§ **TASK REQUIREMENTS**:
From the first line to the last, set down the material exactly, leaving out its pictures.
┌──
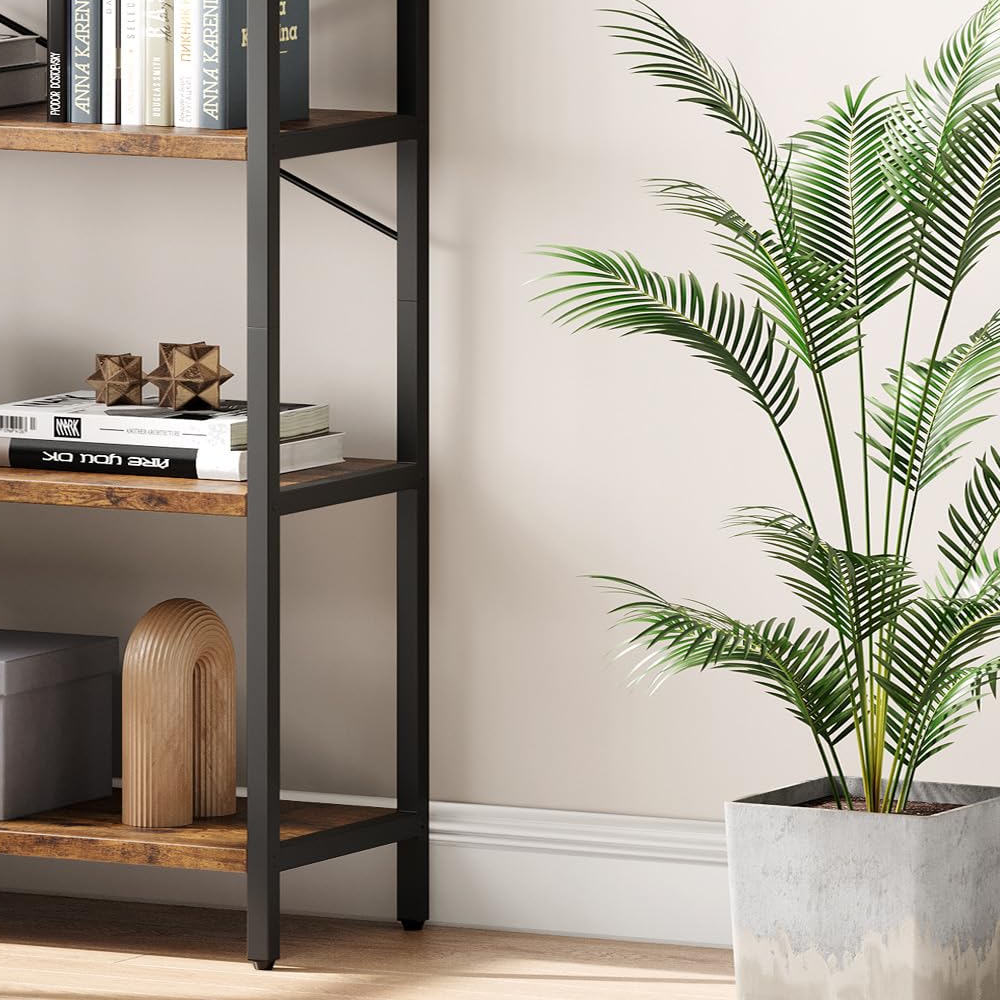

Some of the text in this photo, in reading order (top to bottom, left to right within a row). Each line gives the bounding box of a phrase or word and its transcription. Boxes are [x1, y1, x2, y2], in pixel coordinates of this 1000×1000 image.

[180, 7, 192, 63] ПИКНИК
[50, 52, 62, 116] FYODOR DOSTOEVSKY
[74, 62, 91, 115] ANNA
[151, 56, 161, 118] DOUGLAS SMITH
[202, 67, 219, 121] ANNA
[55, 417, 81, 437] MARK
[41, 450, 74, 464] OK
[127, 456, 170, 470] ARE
└──
§ **EXERCISE OUTPUT**:
Some of the text in this photo, in reading order (top to bottom, left to right within a row). Each line gives the bounding box of a phrase or word and its transcription. Boxes are [x1, y1, x2, y2], in pixel coordinates of this 1000×1000 image.

[180, 7, 192, 63] ПИКНИК
[50, 52, 62, 116] FYODOR DOSTOEVSKY
[74, 62, 91, 115] ANNA
[151, 56, 161, 118] DOUGLAS SMITH
[202, 67, 219, 121] ANNA
[55, 417, 81, 437] MARK
[41, 450, 74, 464] OK
[127, 456, 170, 470] ARE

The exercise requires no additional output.